[Text-to-region grounding data]
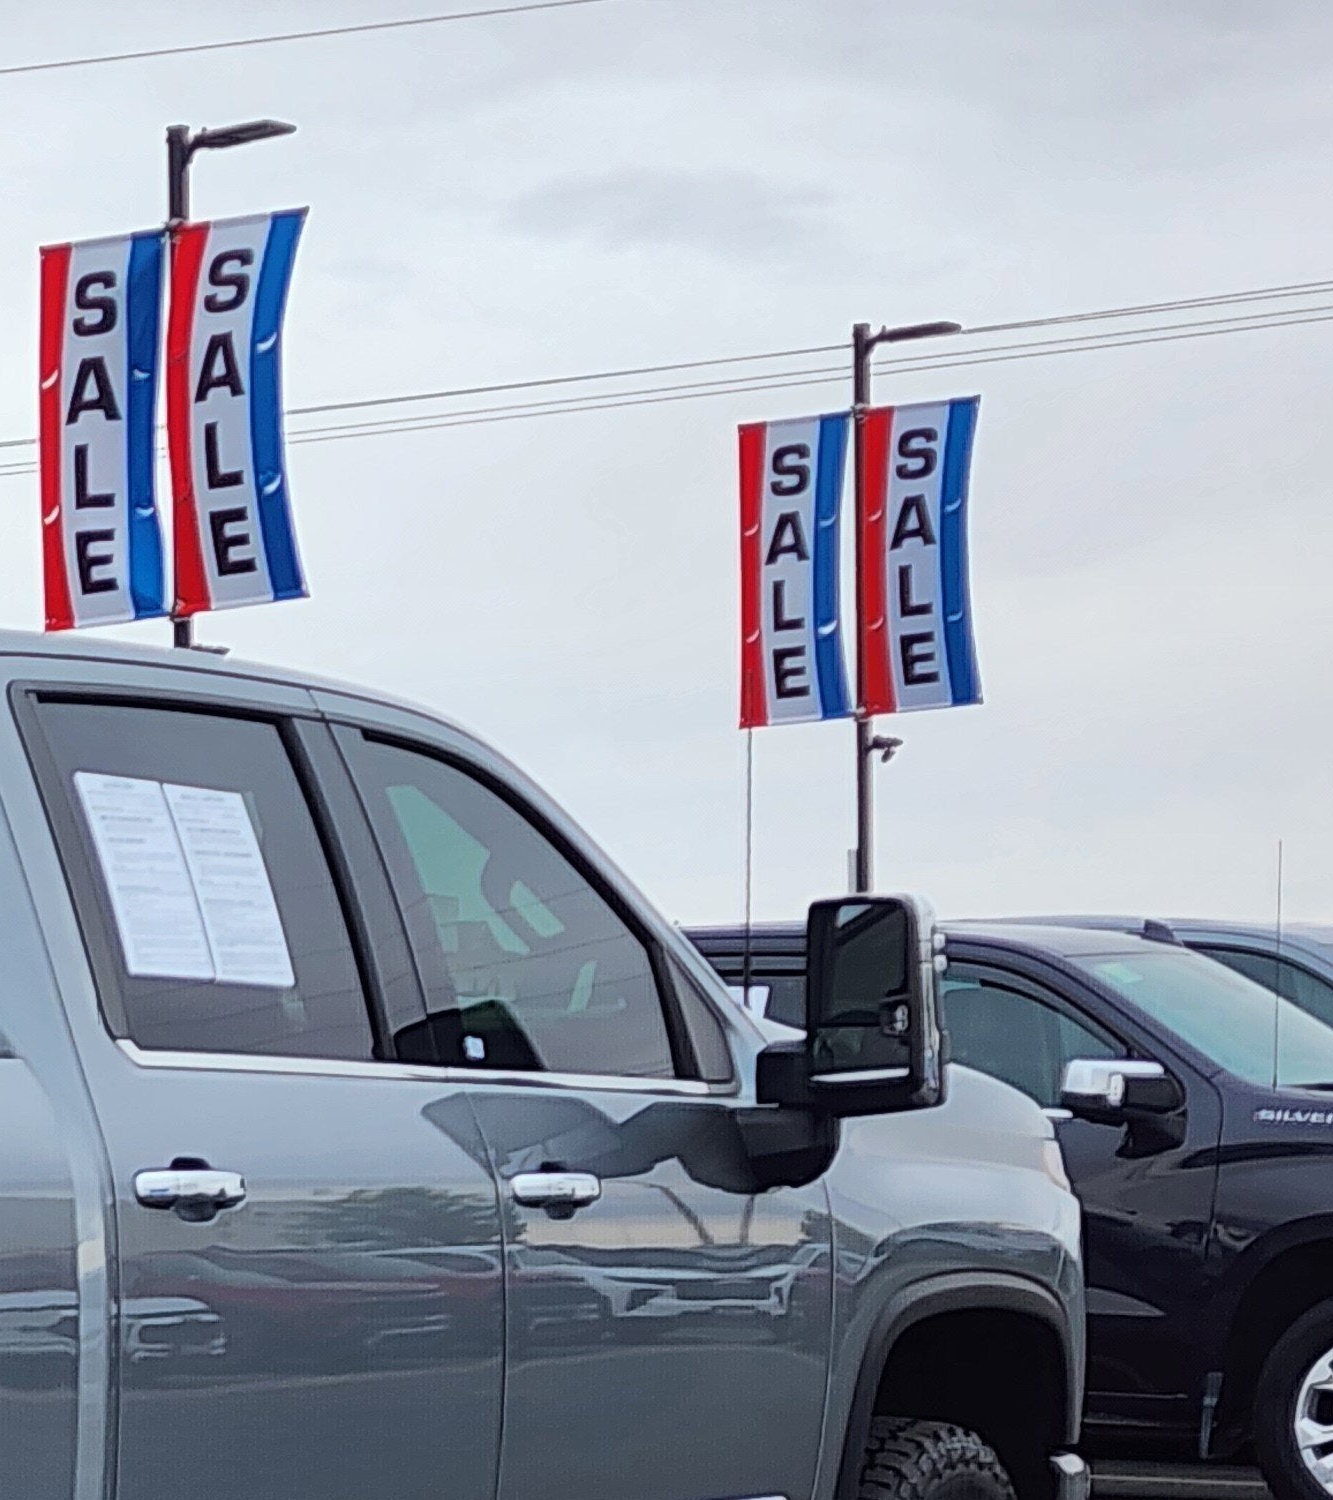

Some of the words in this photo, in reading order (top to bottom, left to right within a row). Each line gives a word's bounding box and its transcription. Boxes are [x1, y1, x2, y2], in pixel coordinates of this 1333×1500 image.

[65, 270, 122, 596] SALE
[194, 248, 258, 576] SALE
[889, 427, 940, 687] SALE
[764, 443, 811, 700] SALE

### [TASK STATEMENT]
None of the pictures should appear, though every line of the data above must be reproduced exactly.

### [RESULT OF THIS TASK]
Some of the words in this photo, in reading order (top to bottom, left to right within a row). Each line gives a word's bounding box and its transcription. Boxes are [x1, y1, x2, y2], in pixel coordinates of this 1333×1500 image.

[65, 270, 122, 596] SALE
[194, 248, 258, 576] SALE
[889, 427, 940, 687] SALE
[764, 443, 811, 700] SALE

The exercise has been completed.